Member of the Legislative Assembly for Muzaffarpur
- In office 1980–1995
- Preceded by: Manjay Lal
- Succeeded by: Vijendra Chaudhary
- Constituency: Muzaffarpur

Personal details
- Born: March 8, 1922
- Died: September 24, 2001 (aged 79)
- Party: Indian National Congress
- Occupation: Politician Businessperson

= Raghunath Pandey =

Indian politician

Raghunath Pandey (March 8, 1922 – September 24, 2001) was an Indian politician and businessperson from Muzaffarpur, Bihar. He served as the Member of the Legislative Assembly in Muzaffarpur from 1980 to 1995 by Indian National Congress ticket. Pandey lost the 1991 general elections from Muzaffarpur to George Fernandes. He filed a case in Patna High Court and finally he won but till then the Parliament was dissolved. He again lost in the 1995 assembly elections.

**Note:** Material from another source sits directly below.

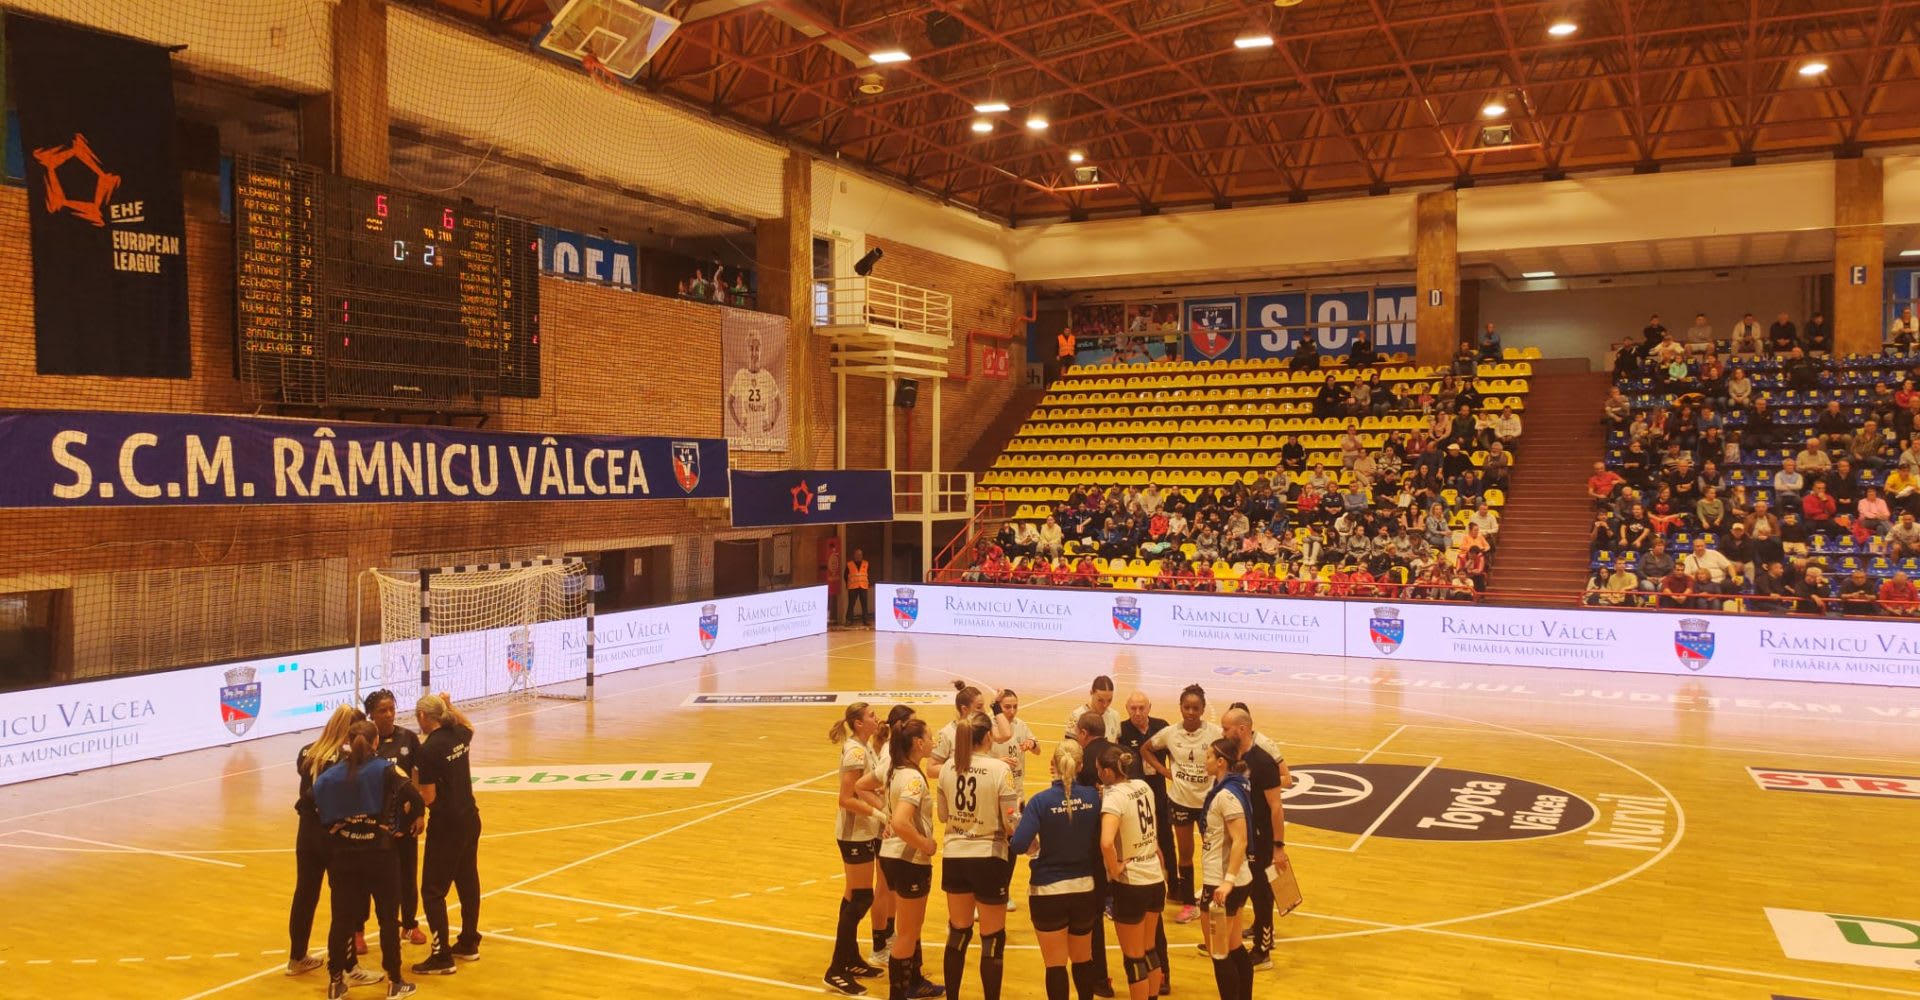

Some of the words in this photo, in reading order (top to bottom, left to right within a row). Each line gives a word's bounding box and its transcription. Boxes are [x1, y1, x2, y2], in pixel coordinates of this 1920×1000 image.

Pandey served as the chairman of Muzaffarpur Municipality for ten years. He also served as a minister in Satyendra Narayan Sinha's cabinet. Prior to entering politics, he had several businesses in Muzaffarpur including transport and cinema halls. Pandey setup several colleges including Sri Krishna Medical College and Hospital and Homoeopathic Medical College & Hospital in the city.